The Coca-Cola debacle does help shine a light on how companies can influence health articles and even research.

Many doctors are guilty of selling out their patients health too. Pushing unnecessary pharmaceutical drugs with ugly side effects in order to turn patients into customers. While there is certainly a need for certain pharmaceuticals, it has turned into big-business. Statin drugs for example bring in billions of dollars each year, despite all the scientific evidence showing they generally do more harm than good.

This is not the first time health officials and medical professionals push someone else’s agenda for profit, and it won’t be the last.

Final Word

If you are going to reach for a can of pop anyway, then yes, the mini-cans are a good way to control your portion and limit your sugar intake.

No, drinking soda is not part of a healthy diet. In no way, shape or form is Coca-Cola part of a healthy diet. It is a “treat”, a can void of nutrients and filled with artificial flavors, colors and sugar.

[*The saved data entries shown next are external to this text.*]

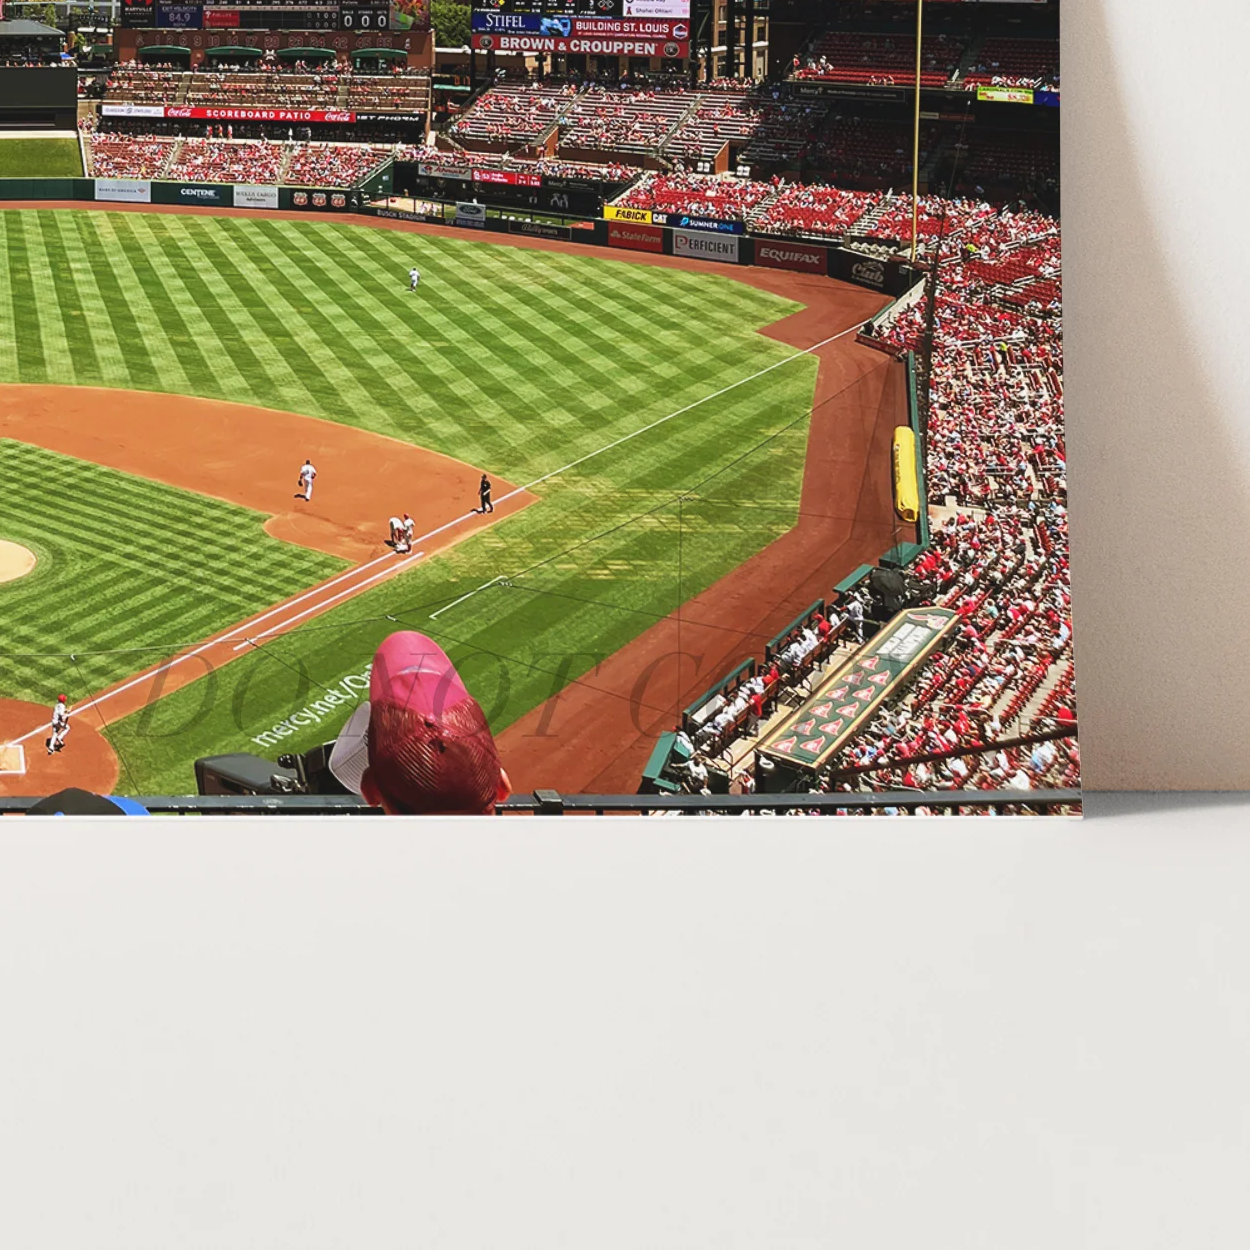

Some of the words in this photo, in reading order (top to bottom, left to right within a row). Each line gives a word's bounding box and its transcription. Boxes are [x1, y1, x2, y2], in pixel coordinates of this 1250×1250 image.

[344, 15, 353, 27] 0
[361, 15, 370, 27] 0
[377, 15, 387, 27] 0
[486, 13, 526, 28] STIFEL
[576, 20, 621, 32] BUILDING
[623, 22, 638, 32] ST.
[639, 23, 669, 33] LOUIS
[500, 36, 554, 50] BROWN
[557, 41, 567, 51] &
[569, 39, 656, 55] CROUPPEN
[206, 109, 276, 120] SCOREBOARD
[280, 111, 311, 121] PATIO
[180, 188, 216, 197] CENTENE
[377, 209, 398, 218] BUSCH
[398, 212, 427, 222] STADIUM
[615, 209, 647, 221] FABICK
[652, 213, 668, 224] CAT
[675, 235, 735, 254] PERFICIENT
[759, 247, 820, 264] EQUIFAX
[251, 664, 372, 747] mercy.net/O

We want health oriented sites and their readers to demand a higher standard. Endorsements and product-plugs are not only inevitable, but necessary. But there are thousands of high quality health products to promote.

We openly promote numerous products on our site in order to make money, however we never promote a product we don’t believe in 100%. Glutathione PRO may not be a health-titan like Examiner.com, but we would never push a product that we wouldn’t take / use ourselves.

We are in the business of helping our readers live healthier, happier lives.